CACCI’s focus has been on family reunification, where clients can sponsor a spouse, parents, biological or adopted children who live overseas and are not a U.S. citizen.
“Now there’s a big, big, disconnect between reality and what you may hear from [President Donald Trump] and the administration,” Vengroff said. “They talk about ‘chain migration’ [but] it doesn’t exist. I mean, really, it’s just totally fallacious. People aren’t bringing distant relatives.”
“If you’re a U.S. citizen you can sponsor your parents, your biological or adopted children and spouse. That’s it. You cannot sponsor a cousin, you cannot sponsor a grandparent, you cannot sponsor an uncle or an aunt, cousins, none of that. It can’t happen. It doesn’t happen. It’s all a lie,” Vengroff added.
Vengroff warns that the administration is now trying to cut back on other forms of legal immigration, such as asylum seekers and refugees.
An asylum seeker is searching for international help and protection from their country. Not every asylum seeker will be recognized as a refugee, but each refugee at one point was an asylum seeker. Countries operate within its own borders and someone who is an asylum seeker has not yet been approved by their own government to become a refugee.

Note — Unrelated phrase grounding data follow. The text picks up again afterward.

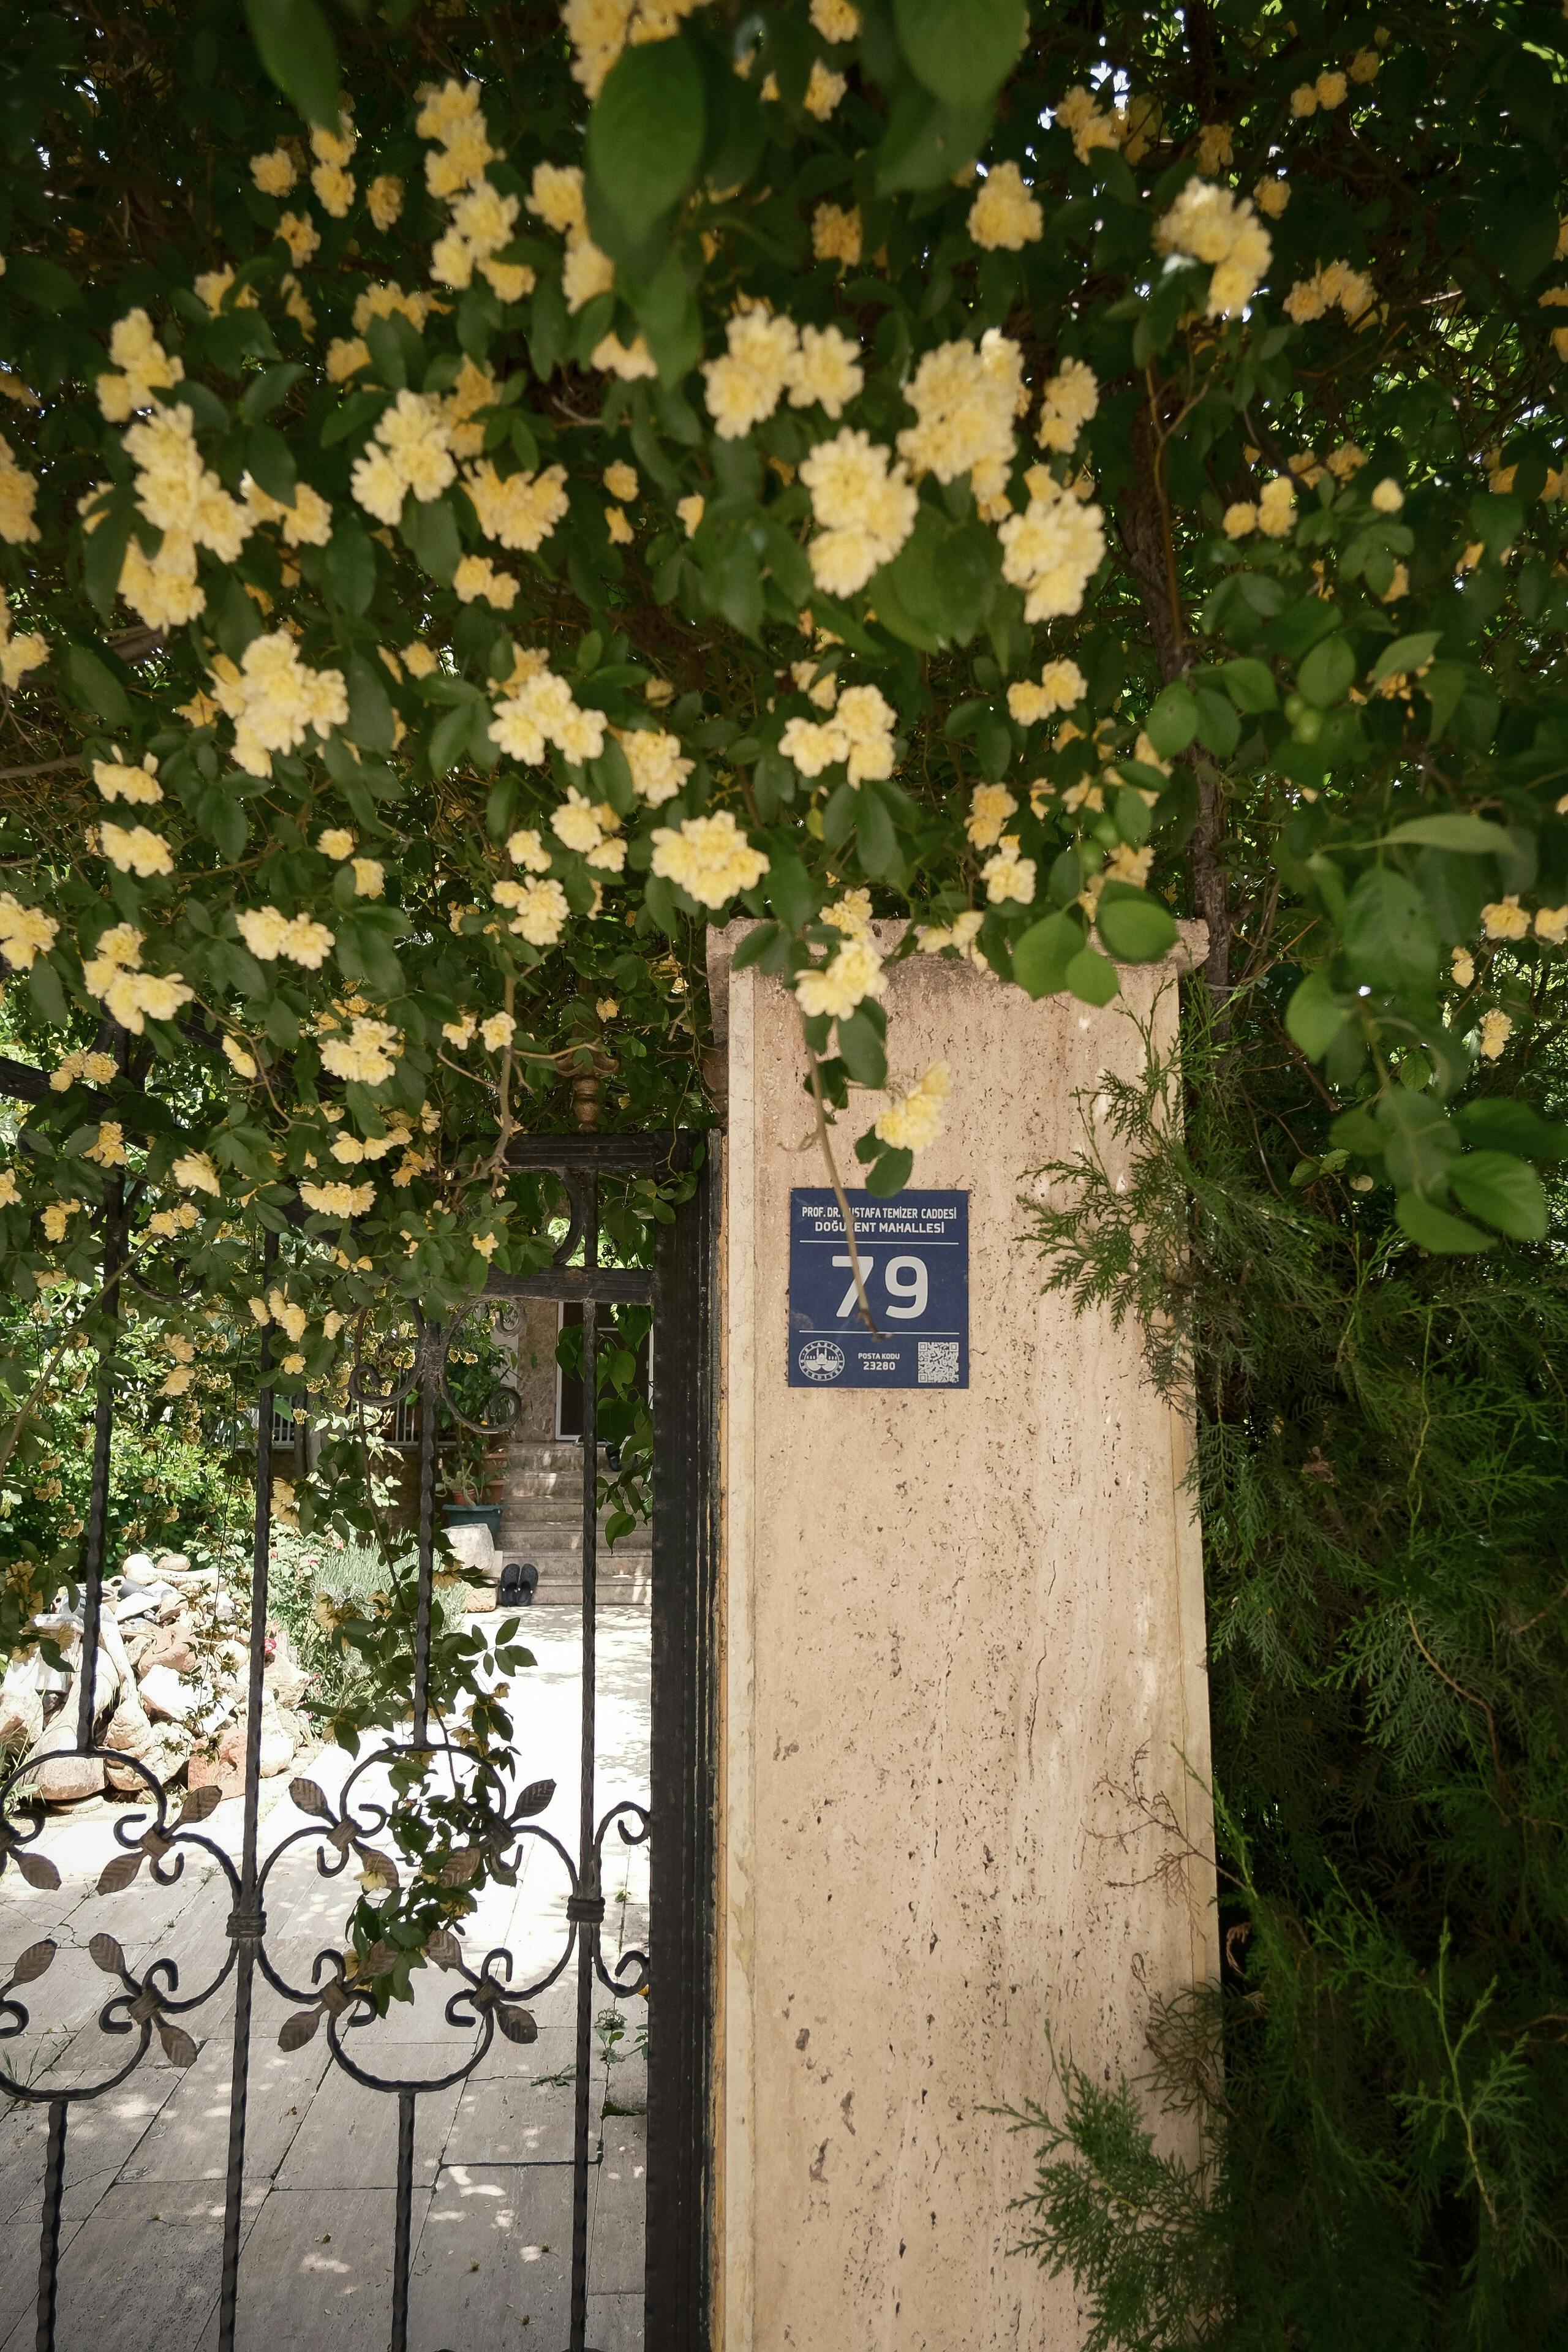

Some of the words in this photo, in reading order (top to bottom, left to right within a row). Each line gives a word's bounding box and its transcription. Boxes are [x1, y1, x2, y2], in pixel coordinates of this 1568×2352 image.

[802, 1207, 826, 1218] PROF.
[827, 1207, 841, 1218] DR.
[843, 1207, 881, 1218] USTAFA
[882, 1206, 918, 1219] TEMİZER
[921, 1207, 957, 1219] CADDESİ
[815, 1219, 876, 1232] DOĞUENT
[879, 1221, 944, 1234] MAHALLESİ
[832, 1256, 928, 1319] 79
[863, 1361, 895, 1370] 23280

A refugee is an individual who has fled their country and unable to return based on the fear of being persecuted due to their race, religion, nationality, or membership of a particular political or social group.
Since Trump coming into office, Vengroff expressed after dealing with refugees for years, the organization has hardly worked with any.
“There’s millions of refugees. In the past, we’ve taken in about 100,000 a year. But, the current administration’s cut that way back, so now there’s a relatively small amount,” said Vengroff. “I think we took in 7 [refugees] this year.”
With this only being a brief look in to the immigration process, one can clearly see that it is nowhere near simple, cheap, timely or easy to understand.
“There’s so many myths out there,” Vengroff said.
Which is why it is up to the American people to educate themselves and fully understand the process, before jumping to drastic conclusions or taking in misinformation as truth.